Appellant also contests the holding that it vexatiously refused to pay appellee’s claim. The trial court based its award on findings that the refusal to pay the claim was a willful effort to avoid liability under the insurance policy involved. These findings do not support an award for vexatious refusal to pay the claim in this case, where the legal issues relating to liability and coverage have been in legitimate dispute.
Nevertheless, we conclude that appellee is entitled to recover attorney’s fees incurred in defending the Pasco case as part of the damages to be indemnified by appellant.
Accordingly, the judgment is affirmed in part and reversed in part, and remanded to the district court to enter judgment for appellee in the amount of $49,861.01 ($51,-001.01 for the tower’s liability loss covered by the policy, plus $1,360.00 as attorney’s fees in the Pasco case, less $2,500.00 deductible provided in the policy).
. Judge Webster, formerly of this court, dissented on the grounds that the three-day interval between mooring and breakaway was not a short time for purposes of invoking the presumption of tower’s liability. 554 F.2d at 812 (Webster, J., dissenting).
. The district court also based its holding on an affidavit in the instant case in which appellant’s senior adjuster denied that it had rejected the Taylor Towing Service claim at all in August, 1974. Appellant persists in claiming before this court that there was no August, 1974, rejection of the claim. The district court found the affidavit to be untrue and we see no error in that finding. However, we note that the affidavit, while it incorrectly characterizes appellant’s position in August, 1974, does not misstate the underlying facts upon which the conclusion is based.

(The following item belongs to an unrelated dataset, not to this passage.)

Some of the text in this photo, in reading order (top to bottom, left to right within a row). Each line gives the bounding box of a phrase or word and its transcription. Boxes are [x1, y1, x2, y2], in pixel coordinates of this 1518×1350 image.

. Appellant relies on a Rhode Island case, New England Box & Barrel Co. v. Travelers Fire Ins. Co., 63 R.I. 315, 8 A.2d 805 (1939), in which the named insured was an individual and, prior to a fire loss, the insured property was transferred to a corporation owned by the same individual. The court held that the corporation was not insured, even though the insurer had accepted premiums paid by the corporation. We note that the insured individual in that case did not own the property at the time of the damage, while in this case appellee did own the towing service when the Pasco dock was damaged. See also Weisfeld v. St. Paul Fire & Marine Ins. Co., 236 F.Supp. 496 (S.D.Tex.1964), aff’d, 354 F.2d 241 (5th Cir. 1966). But see DeMun Estate Corp. v. Frankfort Gen. Ins. Co., 196 Mo. App. 1, 187 S.W. 1124 (1916). This is precisely the defense that appellant is estopped from asserting, as we hold infra.

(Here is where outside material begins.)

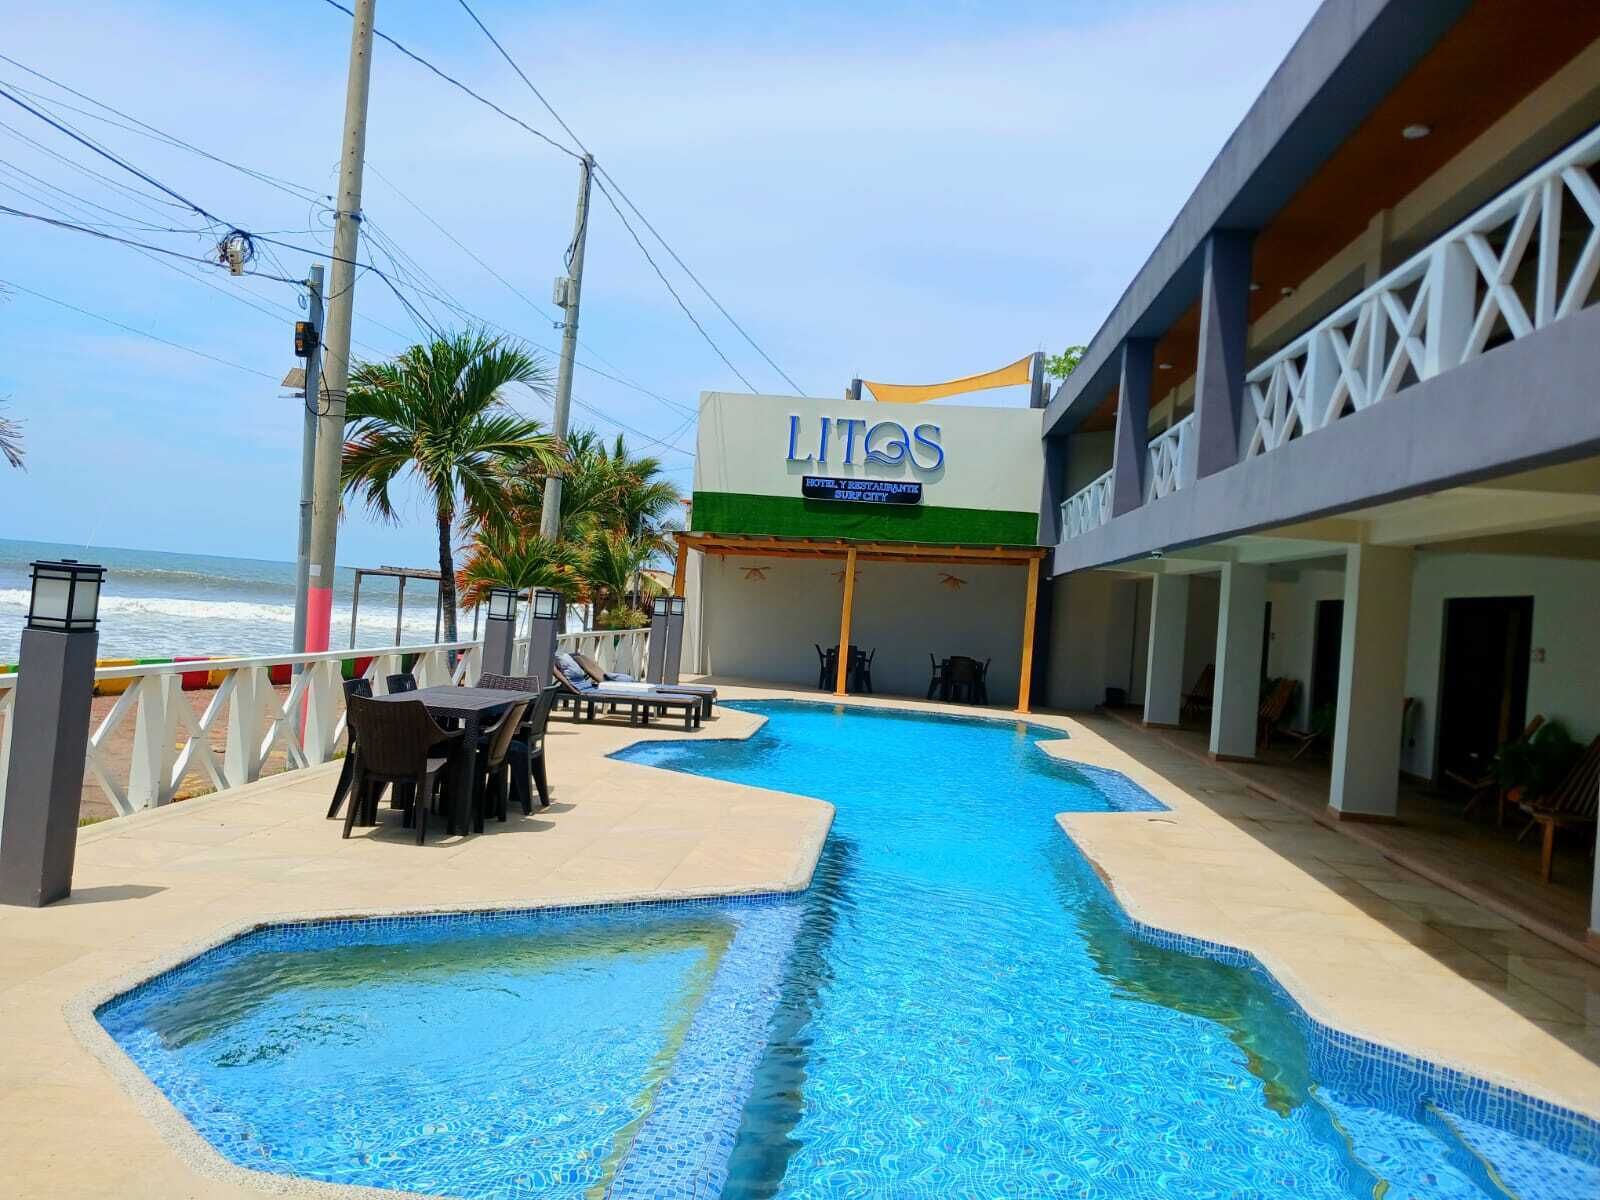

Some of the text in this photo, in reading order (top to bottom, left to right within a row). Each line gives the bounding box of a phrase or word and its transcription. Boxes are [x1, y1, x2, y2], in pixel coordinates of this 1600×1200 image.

[785, 415, 944, 472] LITOS
[806, 478, 919, 494] HOTEL Y RESTAURANTE
[834, 490, 889, 502] SURF CITY

. Appellant argues that appellee is estopped from claiming he personally suffered the loss, because appellee defended the Pasco suit as a corporation. Appellant accuses appellee of taking inconsistent positions that the towing business was a corporation in order to limit his liability to corporate assets in the Pasco case, but that the towing business was a sole proprietorship in order to recover under the insurance policy. Cf. Gravitt v. Southwestern Bell Tel. Co., 416 F.Supp. 830 (W.D.Tex.1976) (corporation estopped from asserting different domicile than its officers had sworn to in previous case.) But there is no evidence that appellee sought any advantage in the Pasco lawsuit by defending as a corporation; in fact, appellee fully satisfied the judgment and therefore did not avoid liability by defending as a corporation.
. In cases involving claims precluded by specific exceptions in insurance policies, Missouri courts have made broad statements that coverage cannot be created by an estoppel. Of course, where there is a specific exclusion in a policy, it is unlikely that the insured would rely upon coverage. Therefore, one of the essential elements of an estoppel, reliance, would usually be missing in such a case. See, e. g., Martinelli v. Security Ins. Co., supra, 490 S.W.2d at 434; Blew v. Conner, 328 S.W.2d 626 (Mo.1959), explained in Salerno v. Western Cas. & Sur. Co., supra, 224 F.Supp. at 589. In the instant case, the tower’s liability was covered under the policy, but appellant claims that the loss was actually incurred by a successor corporation. “[Ejstoppel may prevent an insurer from asserting a defense to coverage otherwise provided by an insurance policy . Legler v. Meriwether, 391 S.W.2d 599, 602 (Mo. App.1965) (emphasis in original).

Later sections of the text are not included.